R3 RK3588 VP9 max-resolution differs from RK3399's 4096×2304 4096-max confirmed; height limit unchecked. Open empirically; cap conservatively at 2304 first.
R4 dirac RK3399 cross-test fixture status NOT regression-impacted — patch only ADDS to vdpu381_coded_fmts[], doesn't touch rk3399_coded_fmts[] or rkvdec-vp9.c. No risk to RK3399 path. Resolved.
R5 Casanova posts upstream VP9 series mid-effort → fork divergence Monitor; coordinate if posted.
R6 (new) RCB sizing oversizes for VP9 (HEVC sized for 8K, VP9 caps at 4K) — wastes SRAM but should still work First attempt uses HEVC sizes. If sub-optimal, follow-up patch adds VP9-specific RCB descriptor table. Not a correctness issue.

Sequence

Phase 1: this plan, then Sonnet Phase 5 architect review. Phase 2: implement Change 1 + 2 in boltzmann:~/src/linux-rockchip linux-rk3588-marfrit branch. Phase 3: build module on boltzmann via distcc. Phase 4: install on ampere + modprobe -r/modprobe cycle + sanity v4l2-ctl enumeration. Phase 5: SW review of code + Sonnet checkpoint. Phase 6: decode test + byte-compare verification. Phase 7: persistence — commit to linux-rk3588-marfrit, prepare upstream patch via b4, route through kernel-agent. Phase 8: monitor + extend test vectors; backend (libva) update tracked separately.

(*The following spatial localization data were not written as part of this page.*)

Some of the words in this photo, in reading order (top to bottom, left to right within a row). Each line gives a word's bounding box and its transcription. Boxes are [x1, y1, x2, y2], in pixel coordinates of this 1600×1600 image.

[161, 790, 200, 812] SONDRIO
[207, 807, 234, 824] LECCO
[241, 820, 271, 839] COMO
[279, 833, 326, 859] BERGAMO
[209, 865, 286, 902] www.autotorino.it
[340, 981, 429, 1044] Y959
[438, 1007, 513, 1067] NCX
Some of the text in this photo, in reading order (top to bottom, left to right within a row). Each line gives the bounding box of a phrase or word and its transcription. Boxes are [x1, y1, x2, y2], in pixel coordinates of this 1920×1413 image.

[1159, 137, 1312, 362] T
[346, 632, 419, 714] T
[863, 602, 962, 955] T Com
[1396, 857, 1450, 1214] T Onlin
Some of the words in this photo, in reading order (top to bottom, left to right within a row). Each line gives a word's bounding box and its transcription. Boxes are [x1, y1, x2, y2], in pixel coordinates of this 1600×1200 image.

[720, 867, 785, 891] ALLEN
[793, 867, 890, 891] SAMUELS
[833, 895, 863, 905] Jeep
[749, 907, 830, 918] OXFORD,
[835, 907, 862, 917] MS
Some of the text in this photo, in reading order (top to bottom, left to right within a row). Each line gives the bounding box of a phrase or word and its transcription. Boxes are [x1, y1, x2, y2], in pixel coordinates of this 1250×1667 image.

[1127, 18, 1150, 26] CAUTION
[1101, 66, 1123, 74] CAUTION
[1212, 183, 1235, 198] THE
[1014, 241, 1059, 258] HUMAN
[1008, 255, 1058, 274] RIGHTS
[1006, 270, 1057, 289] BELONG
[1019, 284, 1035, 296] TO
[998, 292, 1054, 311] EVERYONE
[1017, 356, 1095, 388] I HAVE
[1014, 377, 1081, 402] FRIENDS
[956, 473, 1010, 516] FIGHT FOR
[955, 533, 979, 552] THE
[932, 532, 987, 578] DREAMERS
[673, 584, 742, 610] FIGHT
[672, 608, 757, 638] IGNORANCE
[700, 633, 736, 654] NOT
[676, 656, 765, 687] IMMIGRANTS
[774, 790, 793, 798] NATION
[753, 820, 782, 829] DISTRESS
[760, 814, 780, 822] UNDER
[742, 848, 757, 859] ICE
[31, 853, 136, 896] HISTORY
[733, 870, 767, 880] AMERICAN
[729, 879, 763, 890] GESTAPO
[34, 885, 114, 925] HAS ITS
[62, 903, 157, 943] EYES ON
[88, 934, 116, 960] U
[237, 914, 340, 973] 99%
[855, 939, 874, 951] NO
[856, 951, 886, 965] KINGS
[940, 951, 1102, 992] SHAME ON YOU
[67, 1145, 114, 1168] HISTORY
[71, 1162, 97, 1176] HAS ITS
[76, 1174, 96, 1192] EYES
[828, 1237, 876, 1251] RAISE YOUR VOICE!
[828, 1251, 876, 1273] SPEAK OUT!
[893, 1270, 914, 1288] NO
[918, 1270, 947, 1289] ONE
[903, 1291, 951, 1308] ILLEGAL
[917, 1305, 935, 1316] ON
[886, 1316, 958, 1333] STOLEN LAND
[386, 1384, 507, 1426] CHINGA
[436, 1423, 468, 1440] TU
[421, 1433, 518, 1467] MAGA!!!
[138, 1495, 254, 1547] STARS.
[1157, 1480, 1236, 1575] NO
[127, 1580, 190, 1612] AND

Open questions remaining for Phase 1 review

  • Q-P1.1: Does mainline vdpu381_irq_handler correctly handle the case where the IRQ status doesn't set VDPU381_STA_INT_DEC_RDY_STA (BIT 2) on a successful VP9 decode? i.e. does VP9 set a different status bit than HEVC? Mitigation: add diagnostic pr_warn for first 5 IRQs.
  • Q-P1.2: Does rkvdec_vp9_start use dma_alloc_* that conflicts with rkvdec0's IOMMU mode? Likely no; vb2 handles this.
  • Q-P1.3: VP9 needs a done callback (rkvdec_vp9_done populates probability update for adaptive entropy). Verify the existing done runs in the correct workqueue context after IRQ — should "just work" since mainline has the dispatch.